CHEYENNE, Wyo. (AP) ? IBM has beaten out three competitors and won a bid to supply one of the world’s most powerful supercomputers for use in climate research at a new facility in Cheyenne.
The supercomputer, to be called Yellowstone, will begin running computations next summer for scientists associated with the Boulder, Colo.-based National Center for Atmospheric Research, NCAR announced Monday.
The machine will be capable of 1.6 petaflops. That’s 1.6 quadrillion operations per second ? or more than 221,000 calculations per second for every man, woman and child on Earth ? making it 30 times more powerful than the machine currently in use at NCAR’s Mesa Laboratory in Boulder.

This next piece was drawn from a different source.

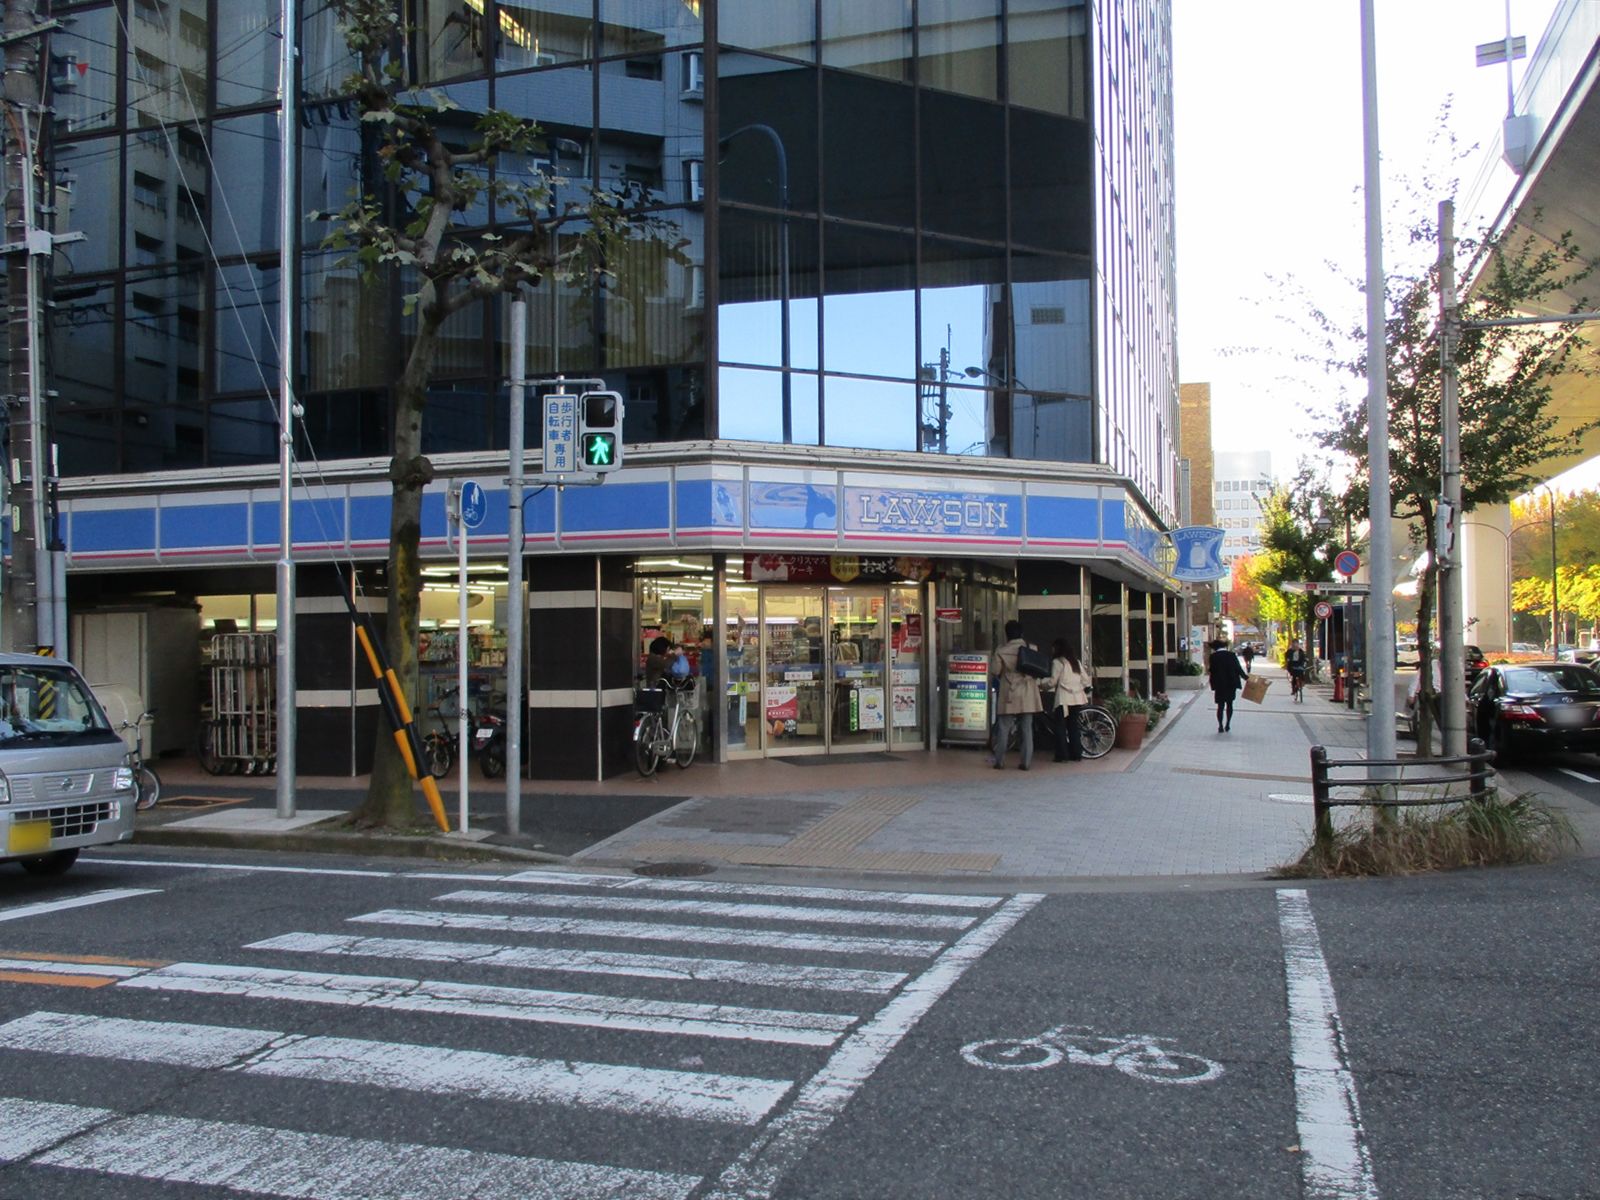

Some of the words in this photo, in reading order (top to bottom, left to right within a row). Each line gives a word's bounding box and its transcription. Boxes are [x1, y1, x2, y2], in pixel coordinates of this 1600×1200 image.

It will likely be the world’s fastest supercomputer dedicated to Earth sciences and rank among the top 20 supercomputers in the world overall, said Anke Kamrath, director of operations and services for NCAR’s Computational and Information Systems Laboratory.
The budget is $25 million to $35 million. IBM pitched a system with well-integrated processors that NCAR was confident would be delivered on time, Kamrath said.
“Making this kind of data-friendly, on the scale of operating on many petabytes of data, is key,” she said.
She declined to name the other companies that tried to land the contract.
The Yellowstone machine will aid a wide range of research into weather, climate, oceanography, air pollution, space weather, computational science, energy production and carbon sequestration. The center also will store scientific data including historical climate records.
The supercomputer will be delivered around March to a purpose-built $70 million facility in a business park west of Cheyenne. The bulk of work on the building wrapped up last summer.
Assembly and testing of the supercomputer will take a couple months. Researchers who reserve time on the machine in advance will then be able to log onto it from all over the world.
“The 30-fold huge increase, it’s huge,” Kamrath said. “We’re so oversubscribed now on our system, I expect that they’re going to fill it up very quickly.”
NCAR has a long history of using supercomputers, all the way back to the Cray 1-A, one of the world’s first supercomputers which crunched numbers there from 1977 to 1989. The Yellowstone supercomputer will be 9.7 million times faster with 3.4 million times the disk capacity and 19 million times the central memory size of the Cray 1-A, according to NCAR.
NCAR also has a long relationship with International Business Machines Corp., which is thrilled to be able to provide the computational power to support the latest climate modeling, said David Jursik, IBM’s vice president of high-performance computing.
“Computers, I think the scientists had a very good idea what forces they needed to connect but there wasn’t ever the computational ability to connect them because the computers weren’t capable enough,” Jursik said.
That’s beginning to change, he said.
NCAR is sponsored by the National Science Foundation. The Wyoming Legislature committed $21 million for the supercomputer project in 2007.